Well, the news would travel quickly. “Perhaps.”
“You have become wiser. When last we quoted Simyaua together, your answer would have been for now.”
Simyaua was fond of adages that showed just how quickly luck could turn rank, and how the only truly happy man was one who had died without misfortune. I did not answer. The message was clear enough.
The Head lifted the bowl, savored a mouthful, and passed it to me with the slight bow tradition demanded from a host. I took it, scorch-warm against my palms, and his index finger tapped mine twice.
Tiny, leathery touches, and they echoed hollowly in the well of my belly.
One, two. Dear gods.
The chai was sweet, strong as they took it in Antai with no milkfat. Sometimes they add a dollop of boiled and whipped cras oil, especially for the harbor lifters. It keeps those rope-muscled bravos warm even on sleet-lashed stormdays, hauling cargo in and out of deep, malodorous holds. I took a goodly mouthful, passed it t
o D’ri, and sweat began along the curve of my lower spine. I studied the Head’s racked, copper-skinned features.

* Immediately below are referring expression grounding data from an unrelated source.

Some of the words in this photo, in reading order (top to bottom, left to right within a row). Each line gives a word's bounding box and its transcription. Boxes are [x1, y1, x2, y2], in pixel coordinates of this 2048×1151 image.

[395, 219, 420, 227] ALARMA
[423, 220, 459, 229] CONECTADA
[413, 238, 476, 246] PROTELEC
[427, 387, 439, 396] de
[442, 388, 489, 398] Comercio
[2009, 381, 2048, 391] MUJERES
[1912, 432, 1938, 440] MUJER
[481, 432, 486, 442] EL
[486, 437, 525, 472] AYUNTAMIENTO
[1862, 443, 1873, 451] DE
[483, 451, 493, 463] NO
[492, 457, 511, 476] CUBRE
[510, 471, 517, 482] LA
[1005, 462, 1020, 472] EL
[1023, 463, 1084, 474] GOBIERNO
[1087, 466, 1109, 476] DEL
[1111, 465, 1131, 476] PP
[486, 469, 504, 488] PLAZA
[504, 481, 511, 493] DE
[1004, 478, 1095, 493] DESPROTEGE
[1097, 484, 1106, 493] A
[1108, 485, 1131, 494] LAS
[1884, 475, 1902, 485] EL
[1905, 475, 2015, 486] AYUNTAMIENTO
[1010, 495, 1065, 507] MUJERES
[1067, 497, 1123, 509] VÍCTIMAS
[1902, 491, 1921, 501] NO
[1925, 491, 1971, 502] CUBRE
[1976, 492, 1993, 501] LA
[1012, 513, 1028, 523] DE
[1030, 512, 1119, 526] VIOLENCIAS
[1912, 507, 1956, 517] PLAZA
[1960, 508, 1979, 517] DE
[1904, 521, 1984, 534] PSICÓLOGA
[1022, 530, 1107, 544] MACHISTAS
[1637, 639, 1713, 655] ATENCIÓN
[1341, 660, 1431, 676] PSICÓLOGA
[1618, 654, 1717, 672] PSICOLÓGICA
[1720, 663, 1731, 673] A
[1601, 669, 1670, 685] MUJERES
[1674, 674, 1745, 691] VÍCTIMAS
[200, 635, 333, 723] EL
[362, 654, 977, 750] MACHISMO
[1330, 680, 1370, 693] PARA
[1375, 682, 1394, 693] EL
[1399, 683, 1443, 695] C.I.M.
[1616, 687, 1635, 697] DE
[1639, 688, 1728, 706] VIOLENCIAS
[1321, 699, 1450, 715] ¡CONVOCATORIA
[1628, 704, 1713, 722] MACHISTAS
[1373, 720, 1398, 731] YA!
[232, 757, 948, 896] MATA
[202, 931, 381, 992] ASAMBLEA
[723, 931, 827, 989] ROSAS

“Smahua’s thiefchild will be chastised for her inhospitable behavior.” A glint of steel in his tone, soft and subtle, the hidden blade.

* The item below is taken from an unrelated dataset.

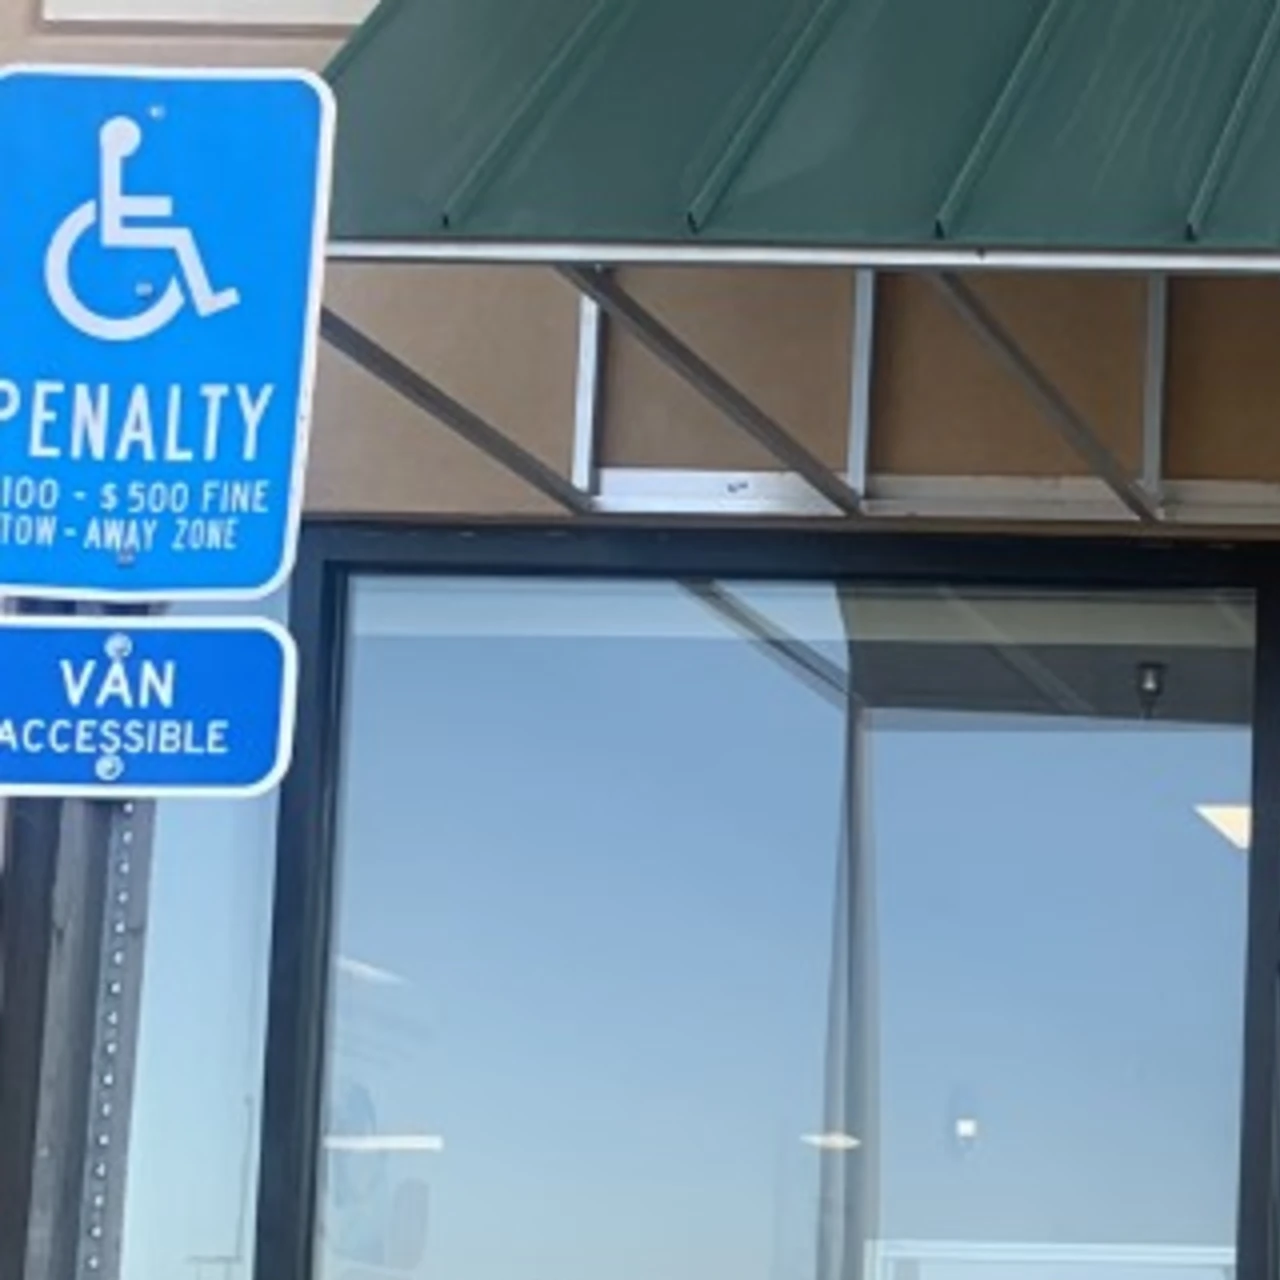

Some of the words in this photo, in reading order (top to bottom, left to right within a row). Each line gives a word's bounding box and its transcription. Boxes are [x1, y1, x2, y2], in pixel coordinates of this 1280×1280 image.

Ah. So it was Sorche. Why would she send a...oh. “Perhaps Sorche’s apprentice was simply impatient.”
“The young often are.” He accepted my graciousness with a small nod, but his mouth had turned down at the corners. “The Keeper has your chits, so the merchants do not cheat you overmuch. Do you wish what you left in my care?”
Why else would I come? “Yes. I thank you, han-fua.”
“Ah, she thanks me. Tell me, friend-of-the-Flower, do you enjoy the chai?”
D’ri glanced at me. He looked interested, a bland expression he probably wore during interminable protocol-laced events in the Dragon Palace’s great bulk. I have only seen paintings of the great city of the People and the house of royalty at its center, with the holy mountain containing Beleriaa’s tomb rising above.
“It is very sweet, and very good,” he said finally, soft careful tradetongue struggling to match the rise and fall of a tongue trained to subtle inflections and cadences.
“You have an accent.” The Head nodded, that same doddering movement, a wicked cast to his mouth now. “Where is your homeland?”
“Far across the sea.” Darik glanced at me, and the Head made a soft tching sound.
“That is all she would ever say, either. Now, leave me. There is much business today, I have had all the leisure I am allowed.”
“Winds grant you luck,” I murmured, and sitting still for long enough to be polite was a torment, my knees pressing into wood and the consciousness of something very, very wrong indeed looming above me. I had to act reluctant to quit his company, especially since he honored me so singularly.
Downstairs, the Keeper did not even glance at me, but one of his silent assistants slid a thin trashmetal chain holding several jingling brass tabs across the counter—marks that I was a member of the Guild in good standing, and could be overcharged only at some peril. I thanked him with a nod—the chest-cache I’d left with the Head was probably already at the villa.